## ACTION ITEM
All of the data should be given again word for word, though the images are to be left out.

----------------------------------------

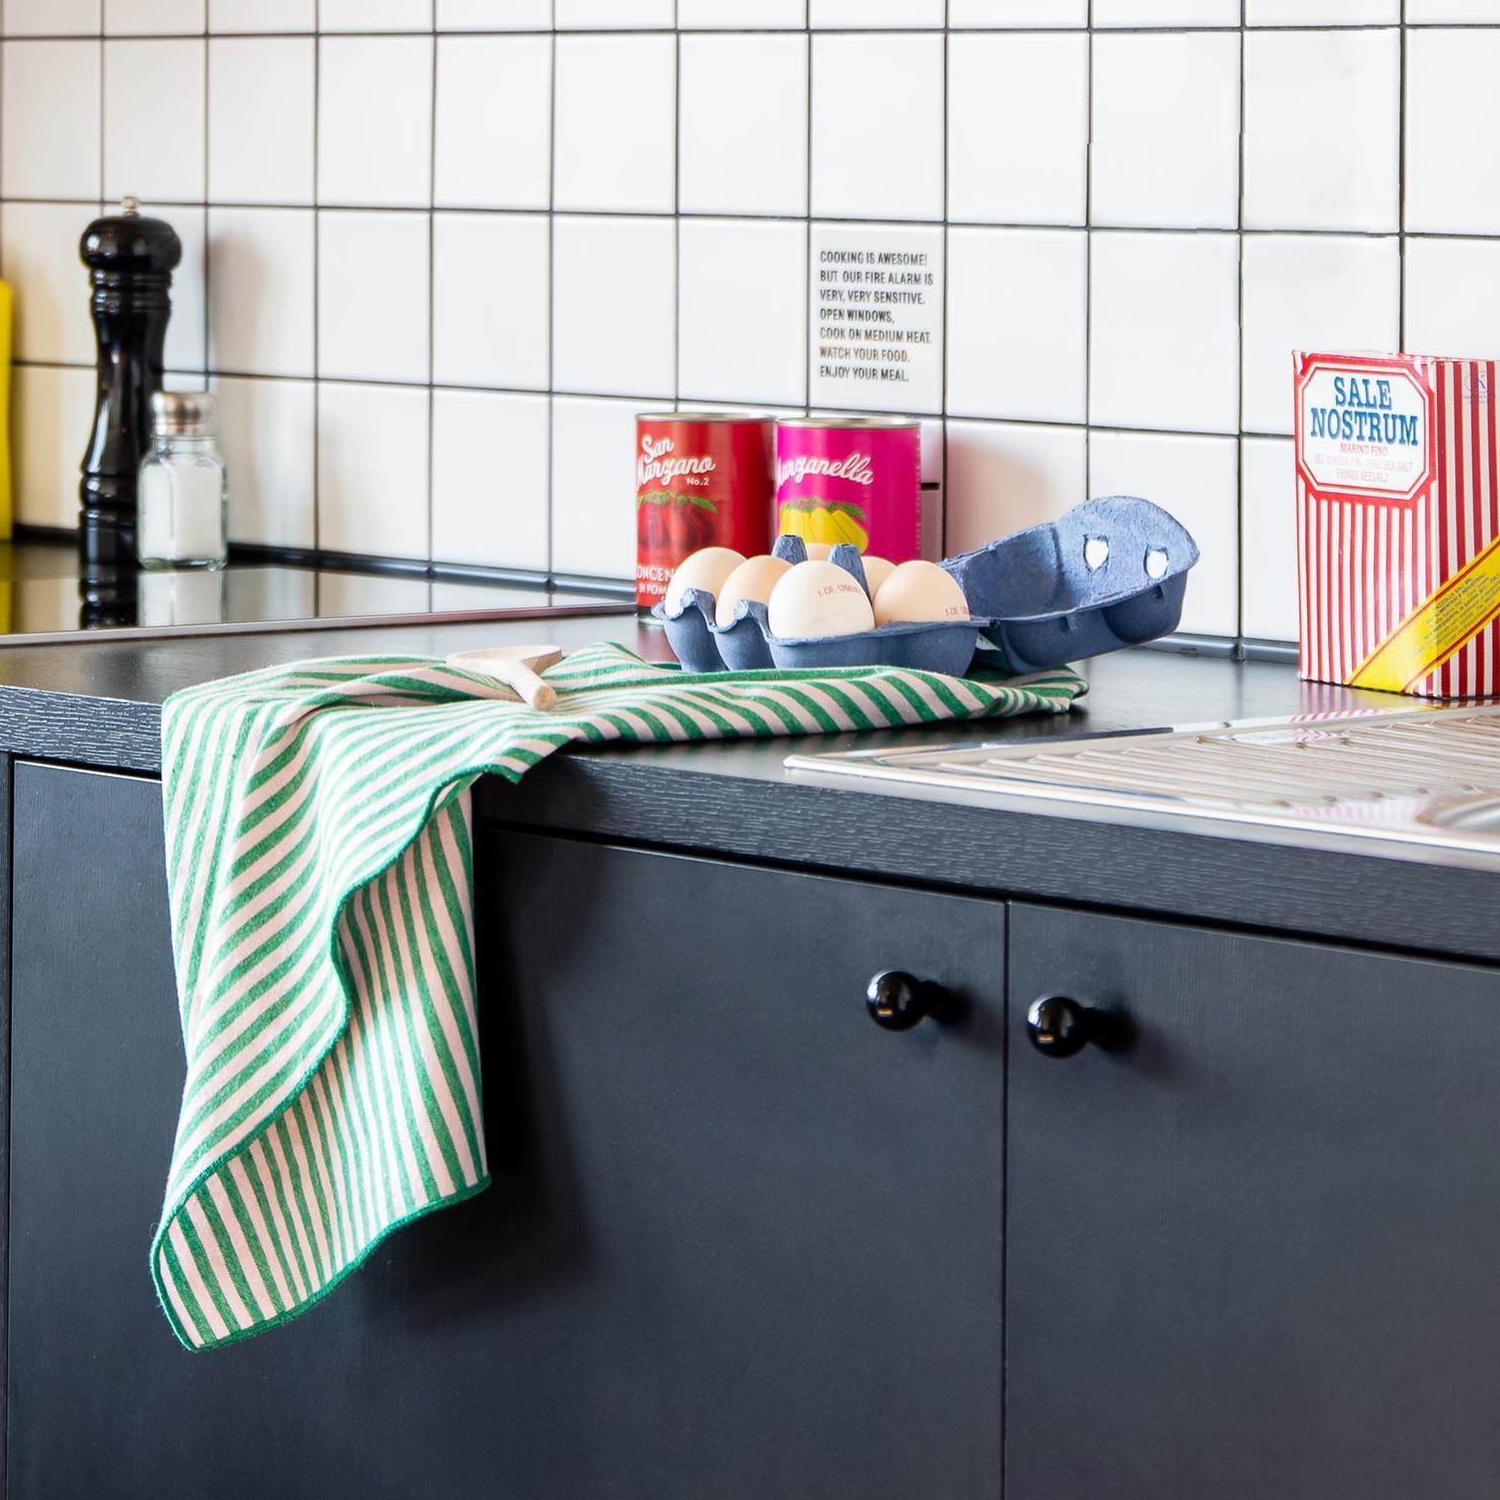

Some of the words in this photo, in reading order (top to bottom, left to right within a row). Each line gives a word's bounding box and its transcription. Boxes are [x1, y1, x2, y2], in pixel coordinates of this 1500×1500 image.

[820, 250, 864, 265] COOKING
[866, 252, 875, 265] IS
[877, 252, 928, 266] AWESOME!
[820, 270, 838, 283] BUT
[842, 270, 863, 284] OUR
[865, 271, 886, 285] FIRE
[888, 272, 921, 286] ALARM
[924, 273, 934, 286] IS
[820, 289, 845, 304] VERY,
[847, 290, 872, 303] VERY
[873, 291, 926, 306] SENSITIVE.
[820, 308, 845, 321] OPEN
[820, 327, 846, 340] COOK
[848, 328, 862, 340] ON
[864, 329, 904, 343] MEDIUM
[906, 331, 932, 344] HEAT.
[819, 346, 850, 360] WATCH
[853, 347, 879, 361] YOUR
[820, 365, 850, 379] ENJOY
[852, 366, 877, 380] YOUR
[880, 368, 910, 382] MEAL.
[1334, 376, 1392, 410] SALE
[1310, 407, 1419, 446] NOSTRUM
[641, 434, 675, 464] San
[686, 477, 709, 486] No.2
[636, 565, 675, 582] ONCEN

----------------------------------------

## YOUR SOLUTION
Some of the words in this photo, in reading order (top to bottom, left to right within a row). Each line gives a word's bounding box and its transcription. Boxes are [x1, y1, x2, y2], in pixel coordinates of this 1500×1500 image.

[820, 250, 864, 265] COOKING
[866, 252, 875, 265] IS
[877, 252, 928, 266] AWESOME!
[820, 270, 838, 283] BUT
[842, 270, 863, 284] OUR
[865, 271, 886, 285] FIRE
[888, 272, 921, 286] ALARM
[924, 273, 934, 286] IS
[820, 289, 845, 304] VERY,
[847, 290, 872, 303] VERY
[873, 291, 926, 306] SENSITIVE.
[820, 308, 845, 321] OPEN
[820, 327, 846, 340] COOK
[848, 328, 862, 340] ON
[864, 329, 904, 343] MEDIUM
[906, 331, 932, 344] HEAT.
[819, 346, 850, 360] WATCH
[853, 347, 879, 361] YOUR
[820, 365, 850, 379] ENJOY
[852, 366, 877, 380] YOUR
[880, 368, 910, 382] MEAL.
[1334, 376, 1392, 410] SALE
[1310, 407, 1419, 446] NOSTRUM
[641, 434, 675, 464] San
[686, 477, 709, 486] No.2
[636, 565, 675, 582] ONCEN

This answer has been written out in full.